Google I/O is officially cancelled – which other tech shows are affected by Covid-19?

As the spread of Covid-19 spreads across the globe, the tech world is having to rethink how it launches new products and services – and nearly all tech events between now and July have either moved online or been cancelled.

Apple’s WWDC 2020 is now an online-only event, the brand also launched a new iPad Pro and MacBook Air in a virtual conference… and now Google I/O has been formally moved.

Back in February, Mobile World Conference’s cancellation tipped the first domino in many that have since fallen, and it’s likely to continue until the spread of the coronavirus outbreak is contained.

With E3 and Build also falling and finding other ways to display their messages to developers and fans, it’s clear that 2020 is going to be a year of disruption in the tech world, and that’s going to have an impact on the new devices we’ll be able to buy and when.

The biggest annual smartphone show was the first to go; on 12 February the GSMA (Global System for Mobile Communication) announced it had canceled Mobile World Congress 2020. The confirmation came after Nokia, LG, Facebook, Sony, and other major names had already pulled out.

The impact: MWC has been a mixed bag of late when it comes to truly groundbreakling phone launches, but this year was set to be a big moment for 5G. 

As CCS Insight put it, “the focus would have evolved from far-reaching demonstrations such as flying taxis and remote airships, to more realistic and pragmatic scenarios”. Without that futuristic vision being passed around the industry, it could slow down the impact of new and innovative ways of using 5G we’ve not yet thought of.

The phone launches themselves haven’t been cancelled, as some brands who were lined up for the show still made announcements, just with less fanfare.

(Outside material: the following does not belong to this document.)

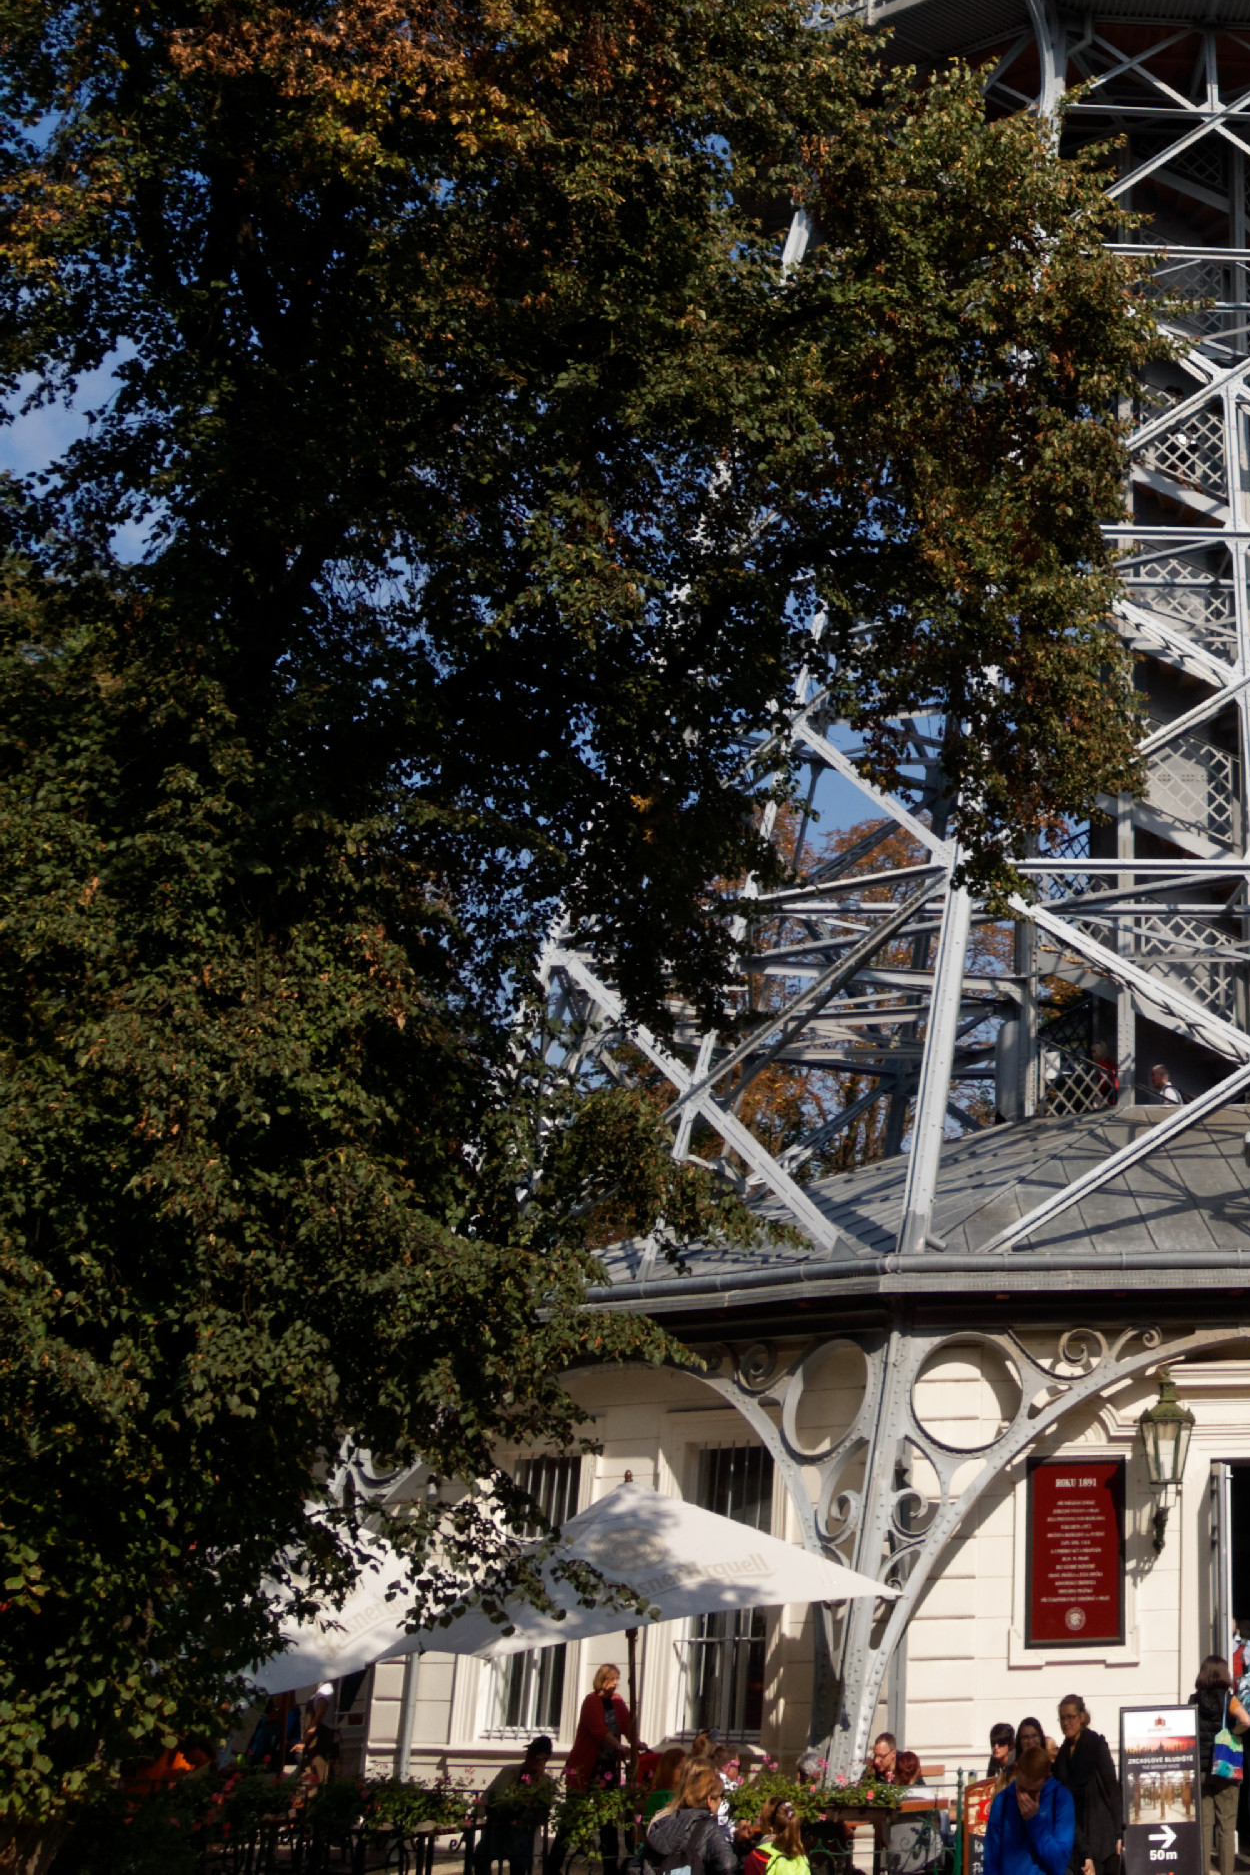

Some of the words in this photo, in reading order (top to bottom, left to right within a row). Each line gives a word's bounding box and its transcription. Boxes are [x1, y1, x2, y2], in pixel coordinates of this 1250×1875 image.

For example, Sony revealed its new Xperia 1 II flagship with a YouTube presentation and others are lined up to launch later in the year.

Then there’s the economic impact on Barcelona itself. “We’re looking for solidarity and everybody bearing their own costs,” Mats Granryd, director general of the GSMA, told Bloomberg in an interview. “We’re an NGO and we don’t make a profit. We don’t have huge amounts of funds, and all our proceeds are funneled back into the industry.”